Although the records include pictures, print only the rest, exactly as written.

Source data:
*** Block opens ***

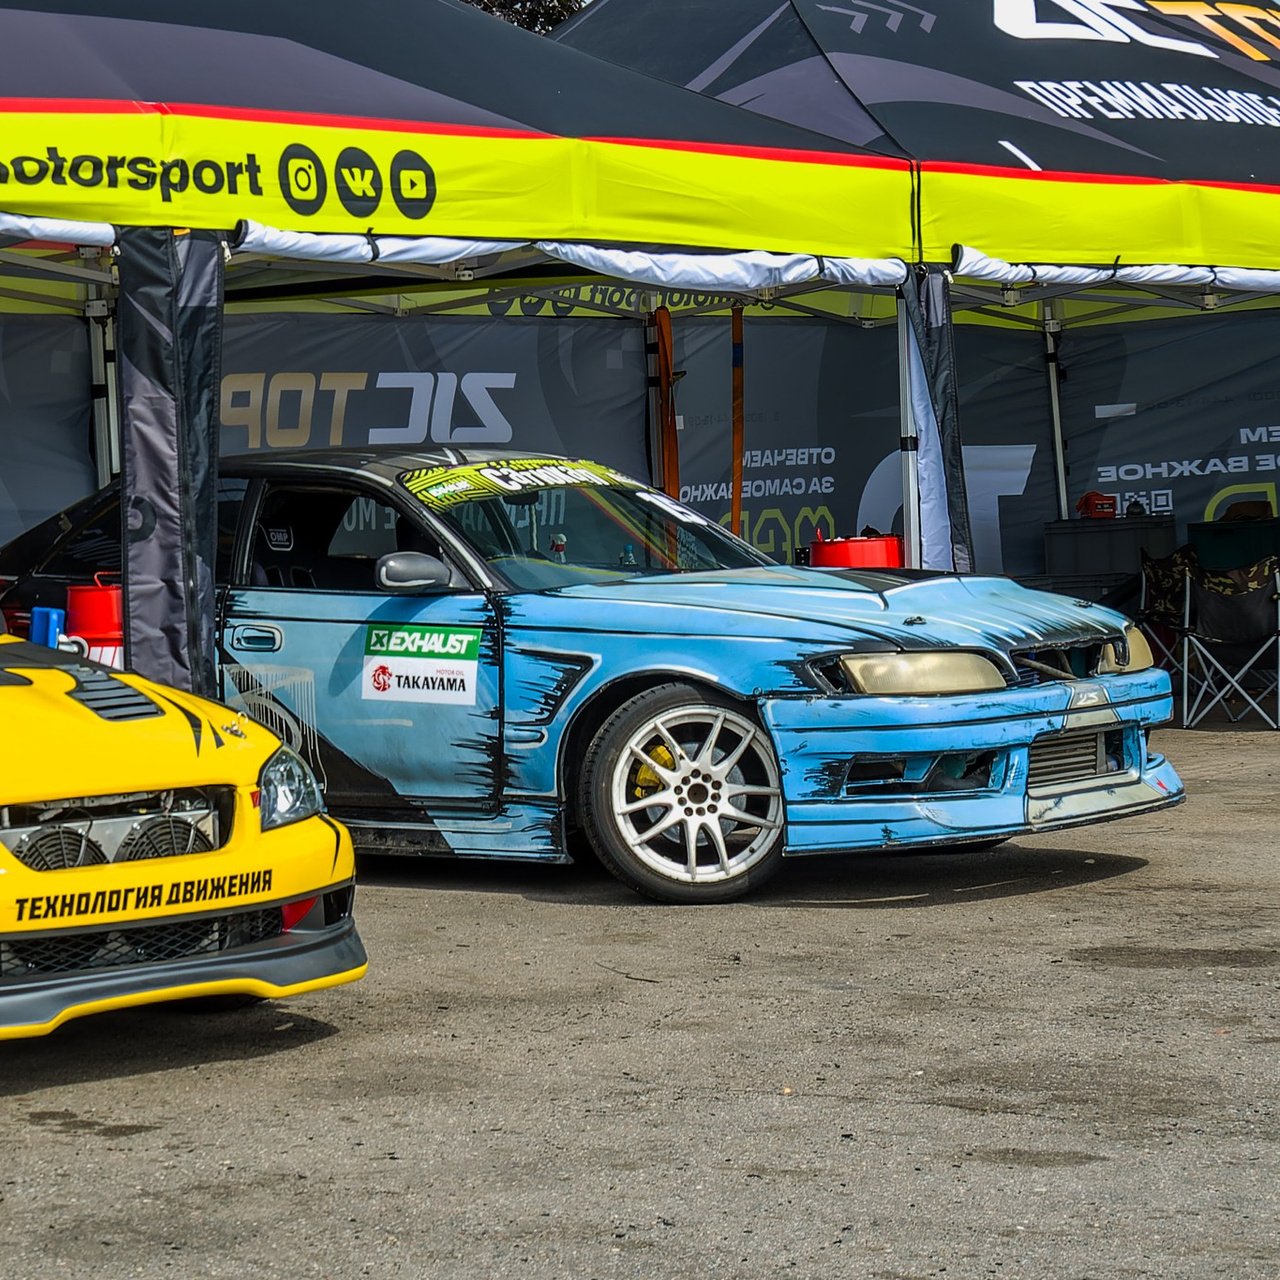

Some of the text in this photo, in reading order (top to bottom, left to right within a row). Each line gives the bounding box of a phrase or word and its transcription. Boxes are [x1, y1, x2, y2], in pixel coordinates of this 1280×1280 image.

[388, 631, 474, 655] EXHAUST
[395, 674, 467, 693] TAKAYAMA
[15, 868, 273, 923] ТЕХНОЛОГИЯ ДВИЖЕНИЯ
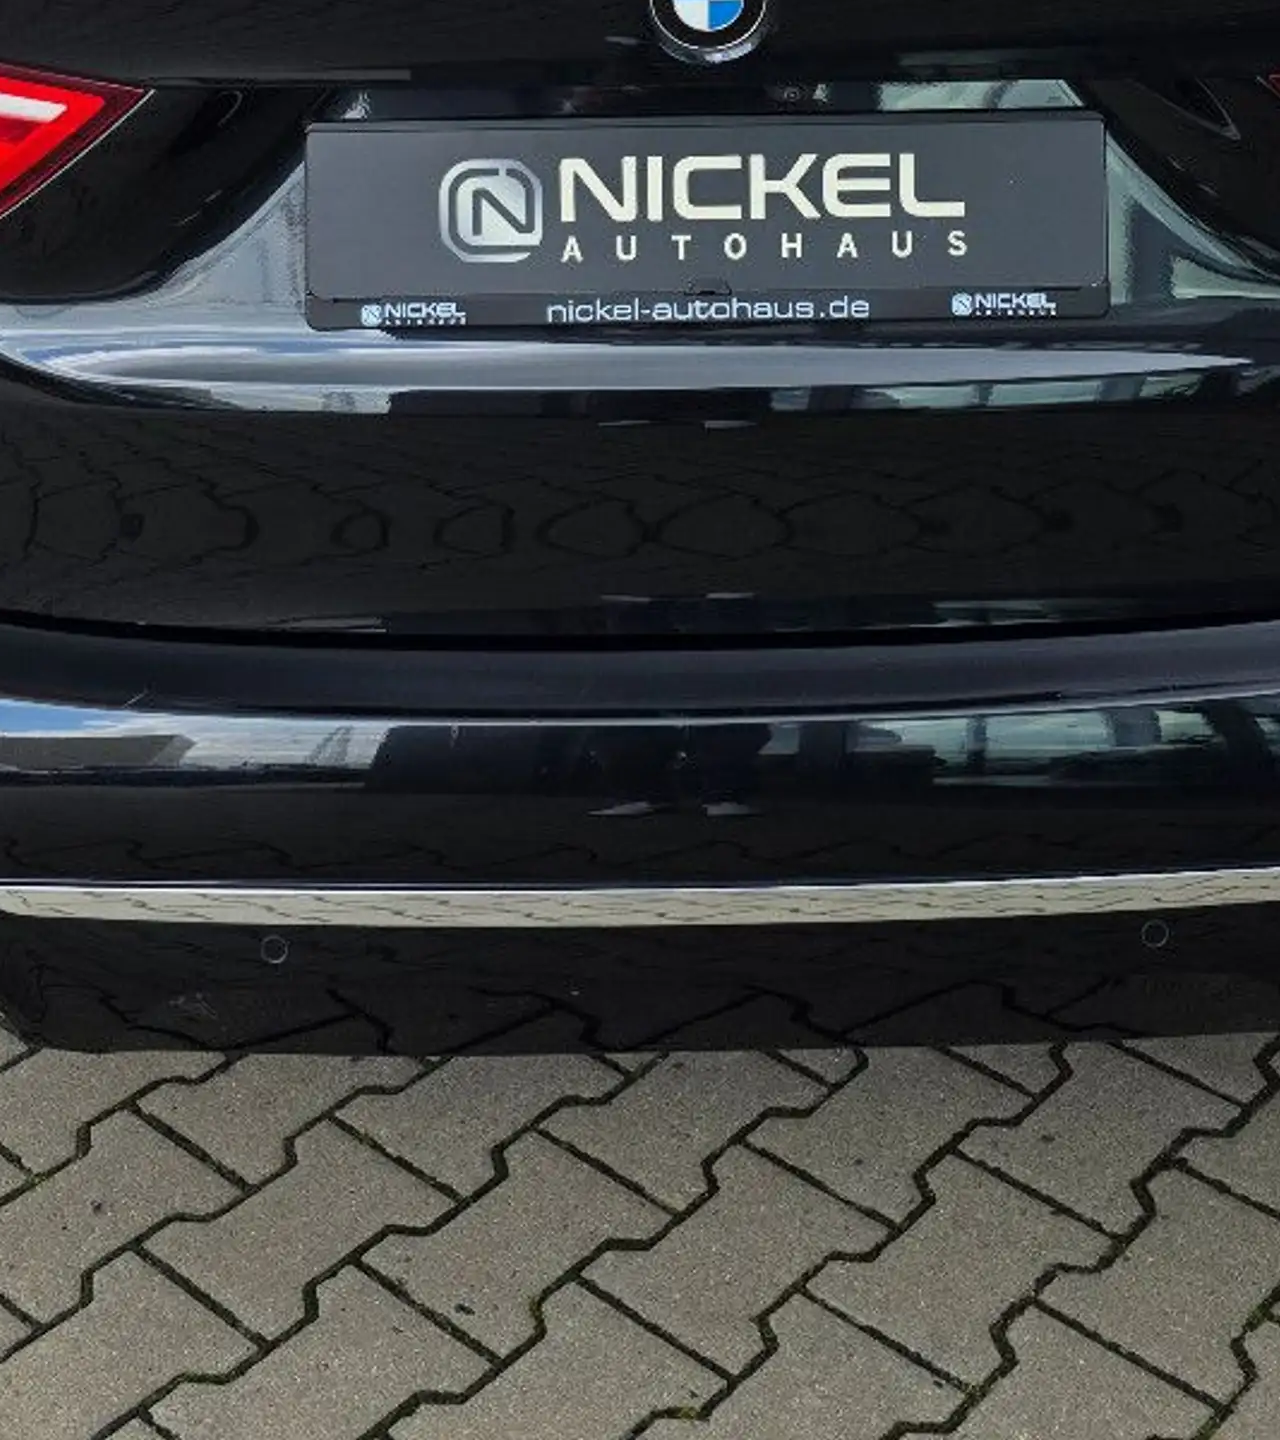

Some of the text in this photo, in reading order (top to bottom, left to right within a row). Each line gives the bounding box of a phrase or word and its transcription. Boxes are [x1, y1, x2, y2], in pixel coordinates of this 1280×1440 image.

*** Block closes ***

Exercise solution —
Some of the text in this photo, in reading order (top to bottom, left to right within a row). Each line gives the bounding box of a phrase or word and its transcription. Boxes are [x1, y1, x2, y2], in pixel coordinates of this 1280×1280 image.

[388, 631, 474, 655] EXHAUST
[395, 674, 467, 693] TAKAYAMA
[15, 868, 273, 923] ТЕХНОЛОГИЯ ДВИЖЕНИЯ

Some of the text in this photo, in reading order (top to bottom, left to right within a row). Each line gives the bounding box of a phrase or word and its transcription. Boxes are [x1, y1, x2, y2], in pixel coordinates of this 1280×1440 image.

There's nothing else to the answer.